アラン・レネ, エマニュエル・リヴァ 『二十四時間の情事 ヒロシマ・モナムール 新装版』 IVC(2026)

 G・ドルリューの――特徴的な、新古典主義的な、あるいはフランス近代的な――音楽がないところ、コオロギの、カエルの、イヌの声がひびいている。豆腐売りのらっぱが、オートバイが、咳が、教会の鐘がとおりすぎ、ときに演歌や民謡も。

 太田川か、川の水のゆれが、エマニュエル・リヴァの、岡田英次の顔にうつっている。白黒であるがゆえに気づくことができるその凹凸、陰影。

 戦争反対、核反対のプラカードやデモが、祭りが、道をとおってゆく。大戦はまだ生々しく、遠くない。そのさまを、時代が隔たったところからみなおしている2026年。

 公開されたとき「二十四時間の情事」とのタイトルだった。嘲笑し苦笑していた時期もあった。だがそれもすでに歴史の一齣。その時代を喚起するコトバだったようにも感じる。恋愛映画として売ろうという目論見もあったろう。

 岡田英次のゆっくりしたフランス語は、ゴダール「未来展望」のジャック・シャリエの話しかたとオーヴァーラップし、冒頭におかれた砂あるいは灰にまみれる上半身は、勅使河原宏「砂の女」を想いおこさせる。

 マルグリット・デュラスの書いたことば、対話のことばは、映画をみるたびに、わからなくなってくる。わかったような気がしていたのが薄れ、わからなさが露出して。
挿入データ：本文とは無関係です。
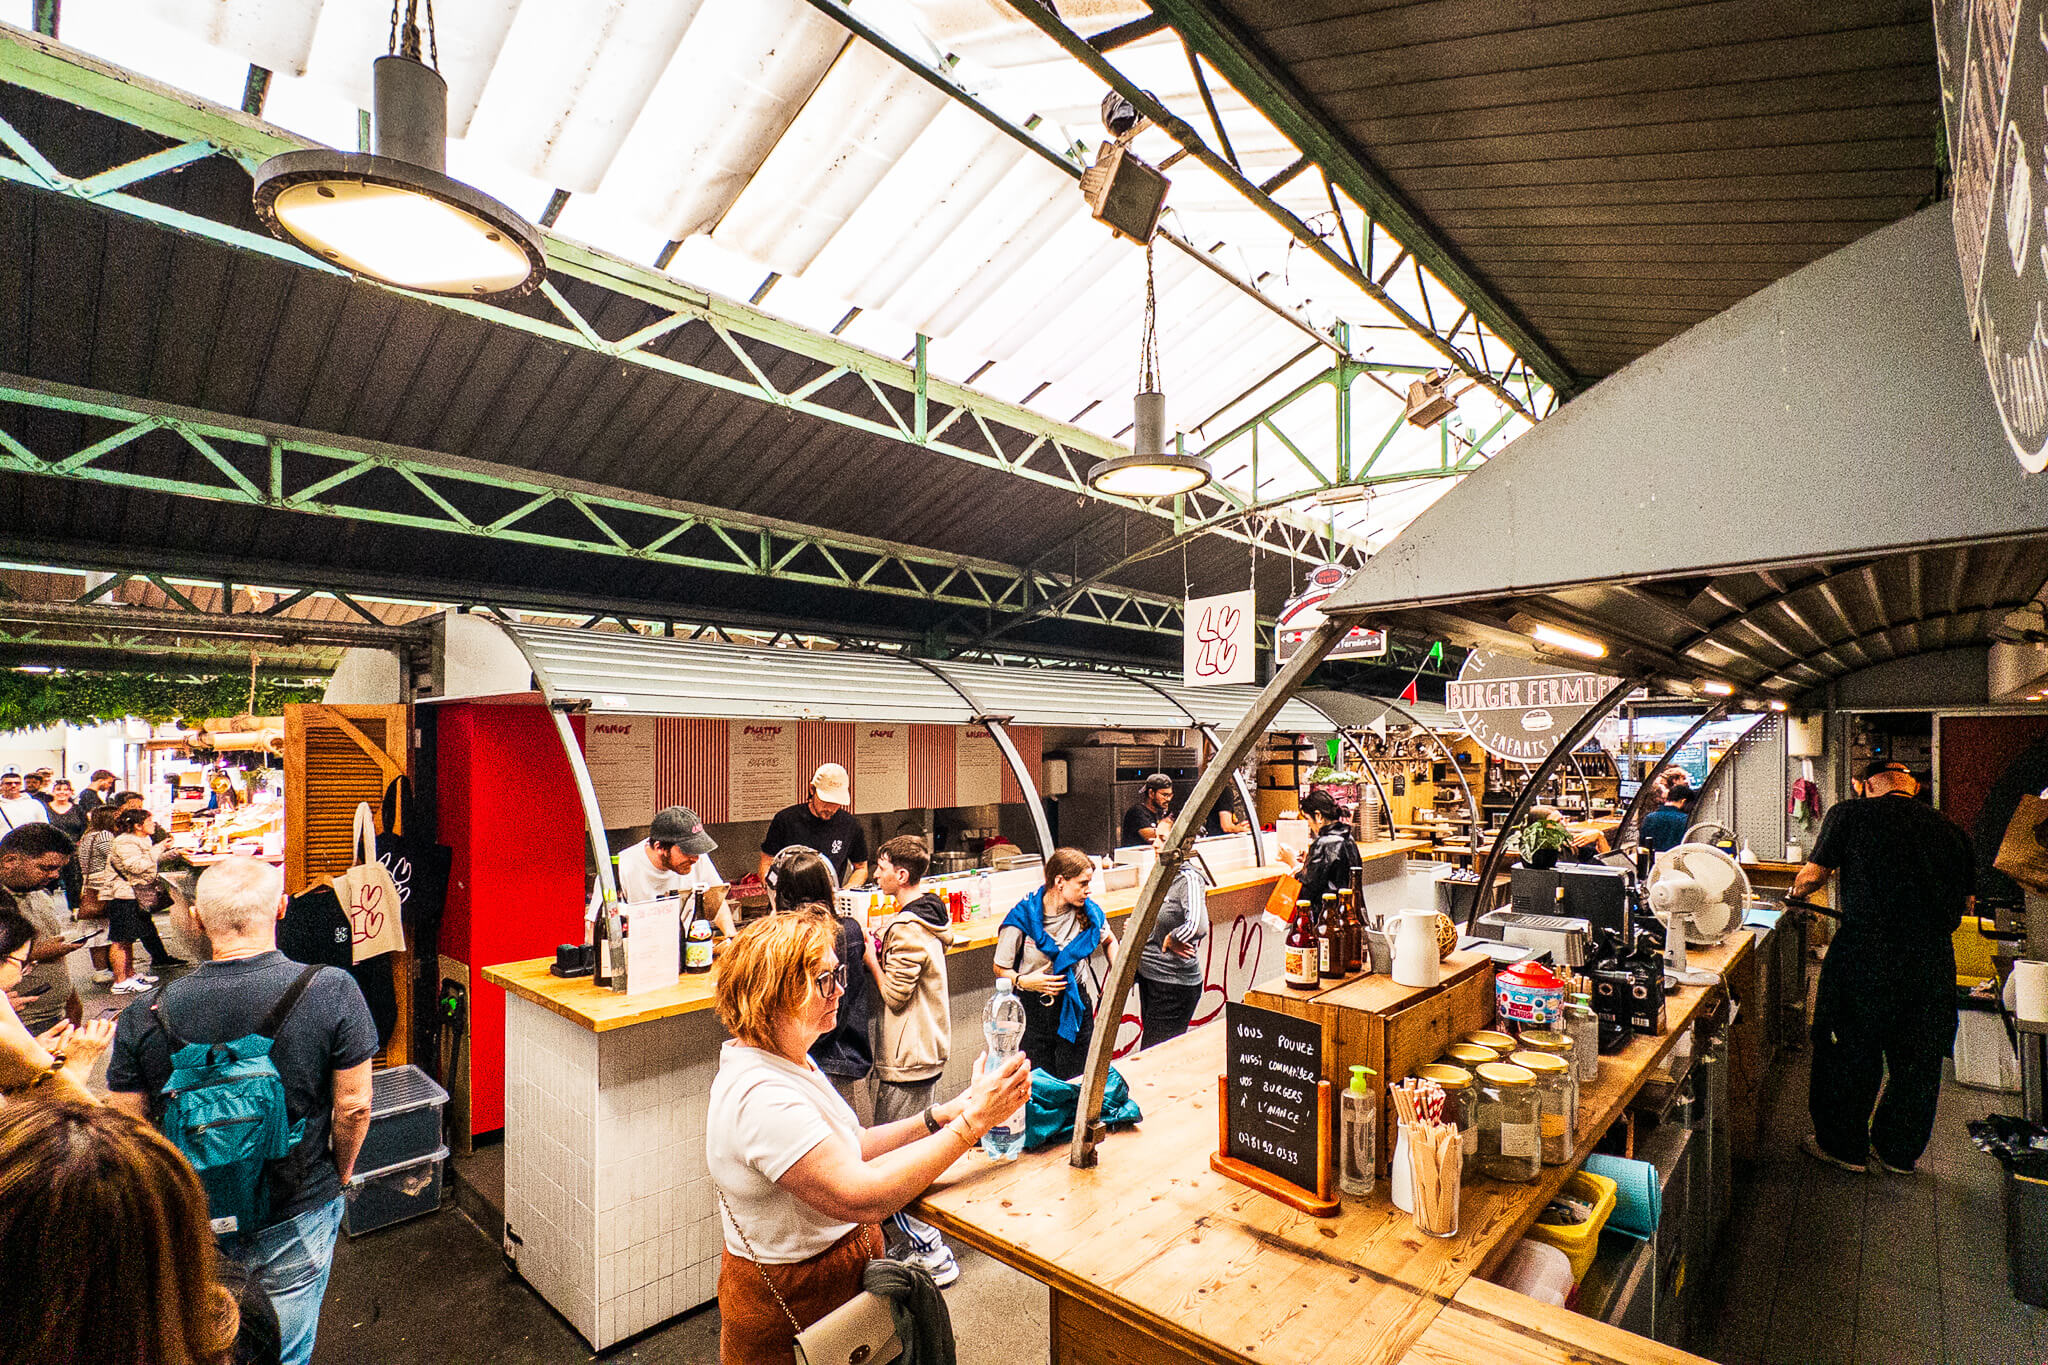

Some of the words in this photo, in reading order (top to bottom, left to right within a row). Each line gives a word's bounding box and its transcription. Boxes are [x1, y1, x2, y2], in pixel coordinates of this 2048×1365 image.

[1468, 654, 1487, 673] LE
[1450, 682, 1521, 710] BURGER
[1467, 711, 1489, 739] DES
[1490, 731, 1548, 757] ENFANTS
[1237, 1023, 1263, 1039] VOUS
[1278, 1035, 1314, 1055] POUVEZ
[1268, 1060, 1316, 1084] COMMANDER
[1239, 1076, 1253, 1087] VOS
[1263, 1081, 1303, 1104] BURGERS
[1240, 1092, 1248, 1108] À
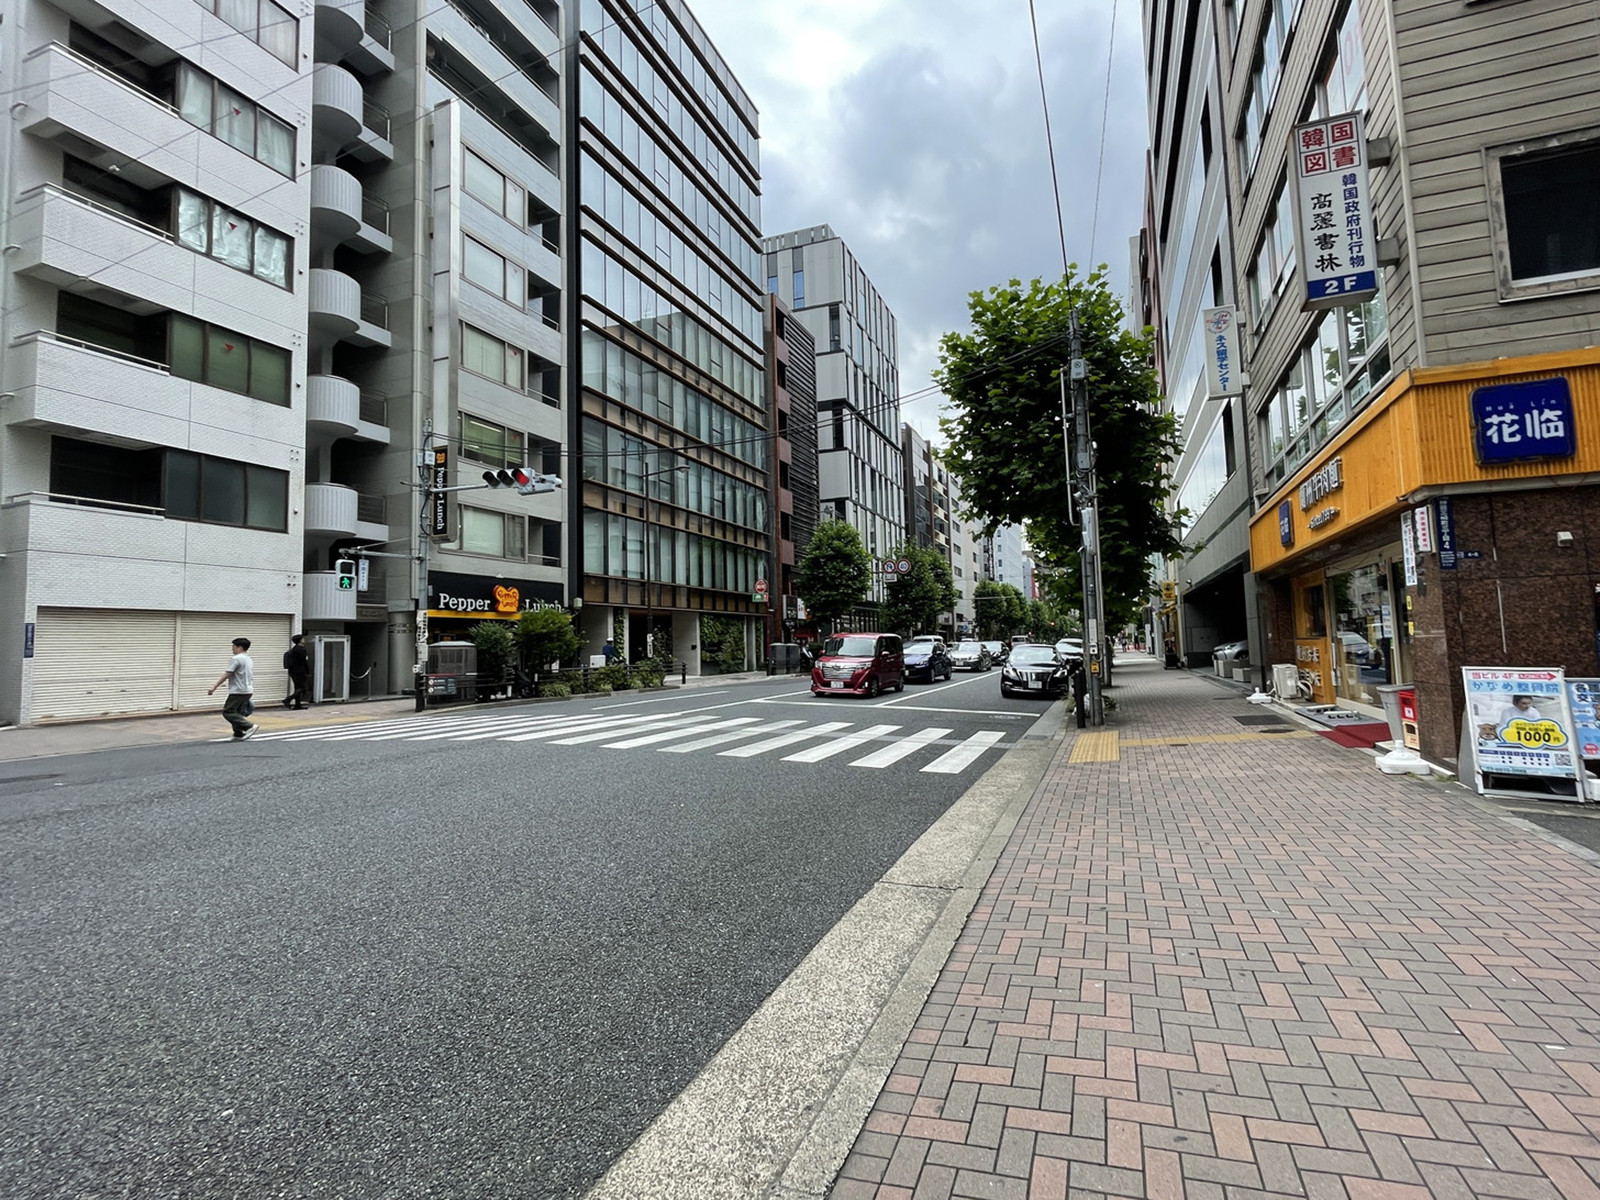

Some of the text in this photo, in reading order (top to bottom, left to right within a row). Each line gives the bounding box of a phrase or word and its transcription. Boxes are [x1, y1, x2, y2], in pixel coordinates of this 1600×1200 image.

[1301, 120, 1354, 149] 韓国
[1304, 145, 1356, 173] 図書
[1342, 173, 1365, 268] 韓国政府刊行物
[1324, 276, 1357, 294] 2F
[1484, 408, 1565, 444] 花临
[437, 467, 445, 530] Peppr Lunch
[438, 593, 491, 612] Pepper
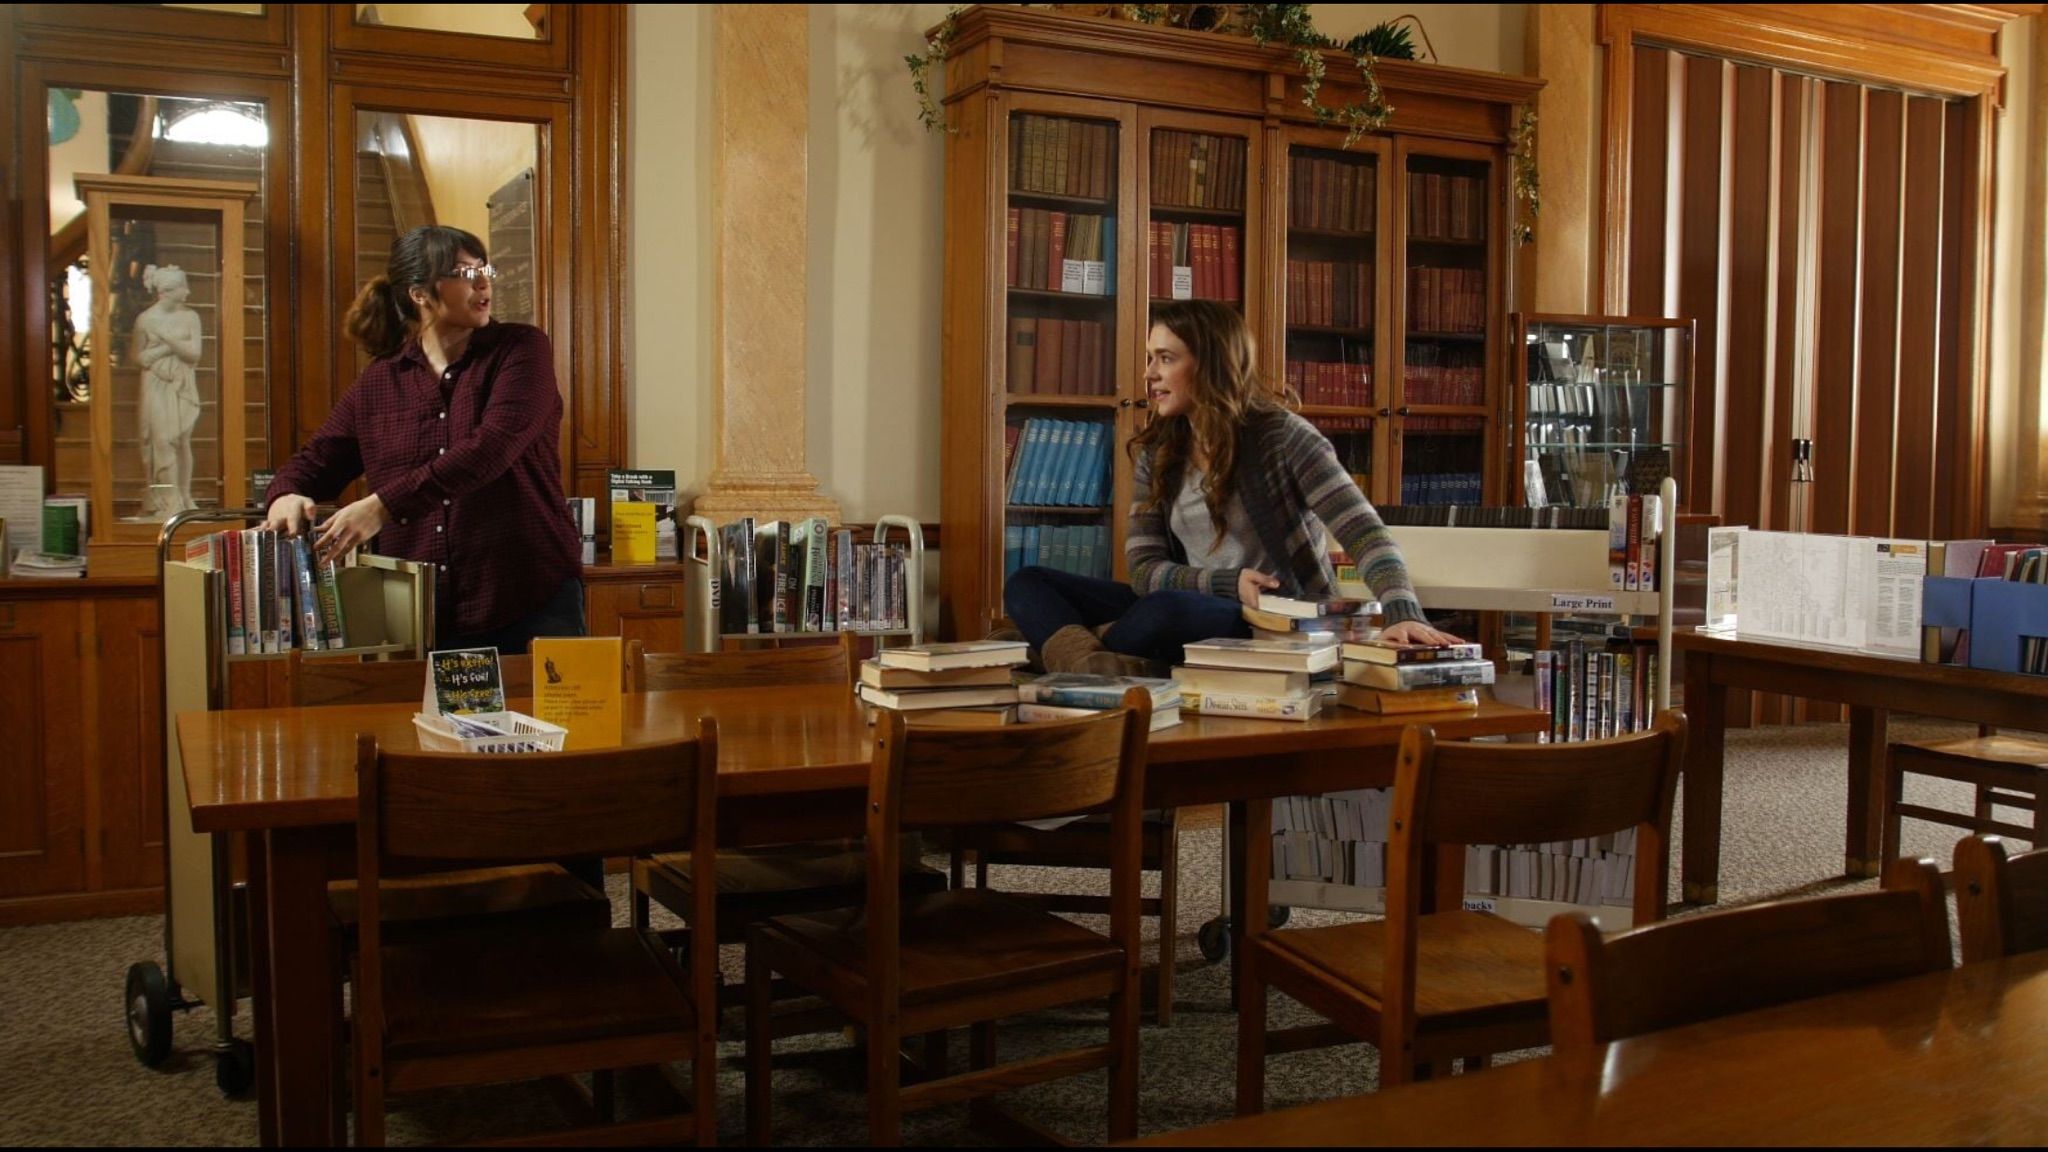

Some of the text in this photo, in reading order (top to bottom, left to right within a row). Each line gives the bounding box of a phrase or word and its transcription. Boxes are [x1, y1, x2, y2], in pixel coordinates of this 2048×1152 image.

[776, 572, 787, 613] FIRE ICE
[1552, 597, 1613, 609] Large Print
[451, 673, 468, 686] It's
 E・リヴァがこの映画撮影の際、広島(の日常)を撮影した写真は、世紀があらたまった2008年、発見され、写真展が開かれ、写真集(「HIROSHIMA 1958」、インスクリプト)が刊行された。港千尋「愛の小さな歴史」(インスクリプト)を併せて読むと、映画と時代と女優とのひとつの奇跡を知ることができる。